XIX


Bishop dévalait les couloirs à toute allure. Il savait que des soldats de Shura avaient été envoyés à sa poursuite.

Il retrouva les alcôves et hurla aux Auxilium de sortir immédiatement. Uriel sortit le premier, surpris. Mais devant l'expression de Bishop, il comprit aussitôt que l'heure était grave.

Lorsque les trois autres furent également sortis, Bishop n'eut pas le temps de leur fournir des explications. Il fallait qu'ils trouvent un moyen de sortir de là au plus vite.

Ils couraient à présent dans l'artère principale, mais celle-ci fut très vite bouchée par des gardes qui venaient en contresens. Il leur fallait trouver une autre issue.

Cela faisait très peu de temps qu'ils avaient rejoint le peuple de l'est, et par moment, ils n'avaient pas la moindre idée d'où ils étaient.

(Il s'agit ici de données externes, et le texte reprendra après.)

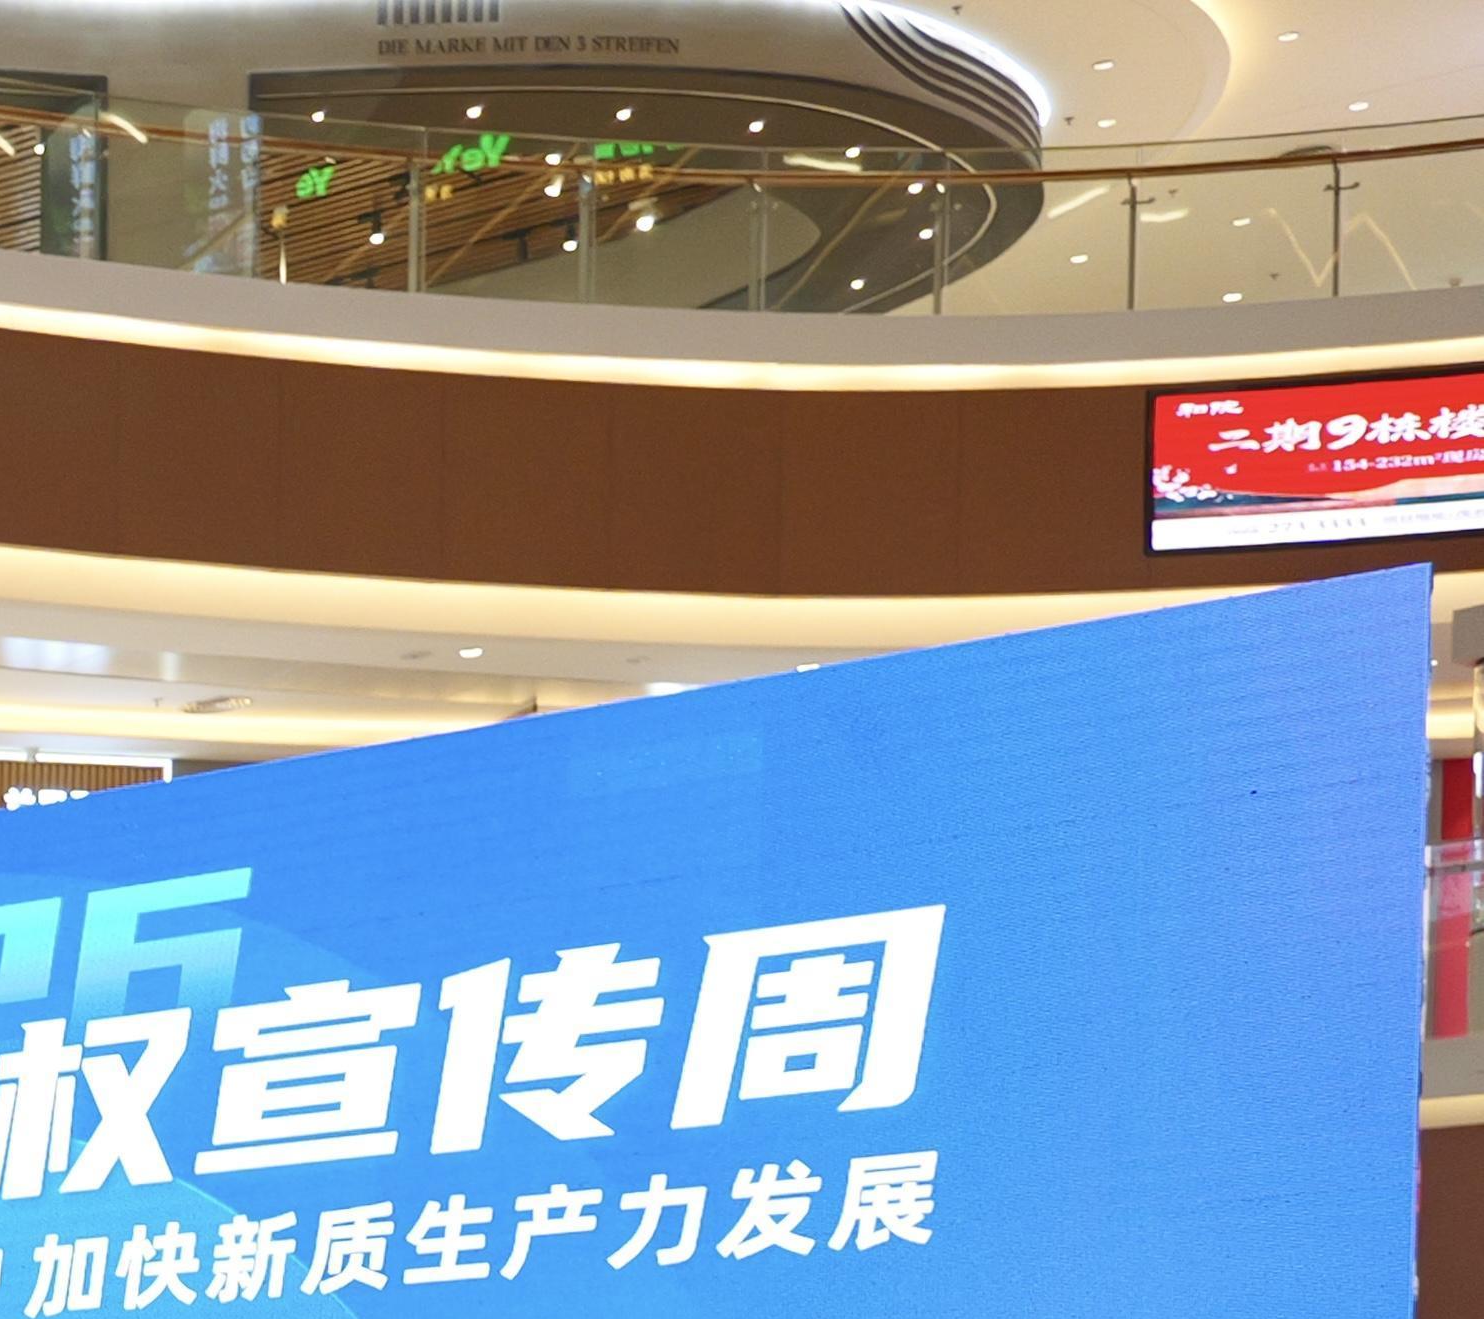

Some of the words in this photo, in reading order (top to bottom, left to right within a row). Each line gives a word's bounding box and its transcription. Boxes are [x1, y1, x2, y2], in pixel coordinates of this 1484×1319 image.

[492, 37, 528, 53] MIT
[535, 36, 571, 52] DEN
[24, 1150, 939, 1318] 加快新质生产力发展

Ils se contentaient de courir et espéraient déboucher ainsi sur une sortie.

Mais leur combat était perdu d'avance. Le peuple de l'est connaissait les souterrains à la perfection et arrivait toujours à les devancer.

Au détour d'un carrefour, ils s'arrêtèrent quelques instants pour reprendre brièvement leur souffle.

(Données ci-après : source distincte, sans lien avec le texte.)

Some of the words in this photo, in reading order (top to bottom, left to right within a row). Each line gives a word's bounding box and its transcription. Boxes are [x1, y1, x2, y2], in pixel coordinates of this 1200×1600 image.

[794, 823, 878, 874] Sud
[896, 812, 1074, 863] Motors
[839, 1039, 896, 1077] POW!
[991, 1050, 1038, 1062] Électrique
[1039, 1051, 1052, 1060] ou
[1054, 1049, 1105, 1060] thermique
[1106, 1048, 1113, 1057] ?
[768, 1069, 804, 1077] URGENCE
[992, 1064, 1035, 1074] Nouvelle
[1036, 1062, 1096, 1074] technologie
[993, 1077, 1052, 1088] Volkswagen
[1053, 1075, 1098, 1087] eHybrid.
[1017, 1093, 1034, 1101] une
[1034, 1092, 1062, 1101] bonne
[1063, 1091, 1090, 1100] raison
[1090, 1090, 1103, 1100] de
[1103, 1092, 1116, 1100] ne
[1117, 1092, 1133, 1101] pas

- On est fichus, ils finissent toujours pas nous retrouver, s'alarma Jeliel.

- Qu'est-ce qu'il se passe, Bishop ? demanda Aniel, la voix haletante.

Bishop observa leurs visages exténués sous l'effort. Uriel tentait de rester serein pour ne pas alarmer les autres davantage. Aniel avait une expression dure sur son visage, Jeliel était dans la stupéfaction la plus totale. A la faible lueur des torches, les marques blanches sur le visage sombre de Daniel semblaient plus claires encore. Il était livide.

- Ils avaient une bombe. Semblable au Deliverer Plague. Shura l'a donnée aux Parangons pour qu'ils détruisent le monde une fois que les Black Steam marcheront sur leur capitale. Les Parangons et le peuple de l'est veulent détruire une bonne fois pour toutes toute forme d'humanité sur terre.

Bishop condensa ce que lui avait avoué Shura. Là, il vit le visage des Auxilium se décomposer.

- Mais cela n'est pas près d'arriver, n'est-ce pas ? s'inquiéta Jeliel. Les Black Steam ne sont pas aux portes de Muster ?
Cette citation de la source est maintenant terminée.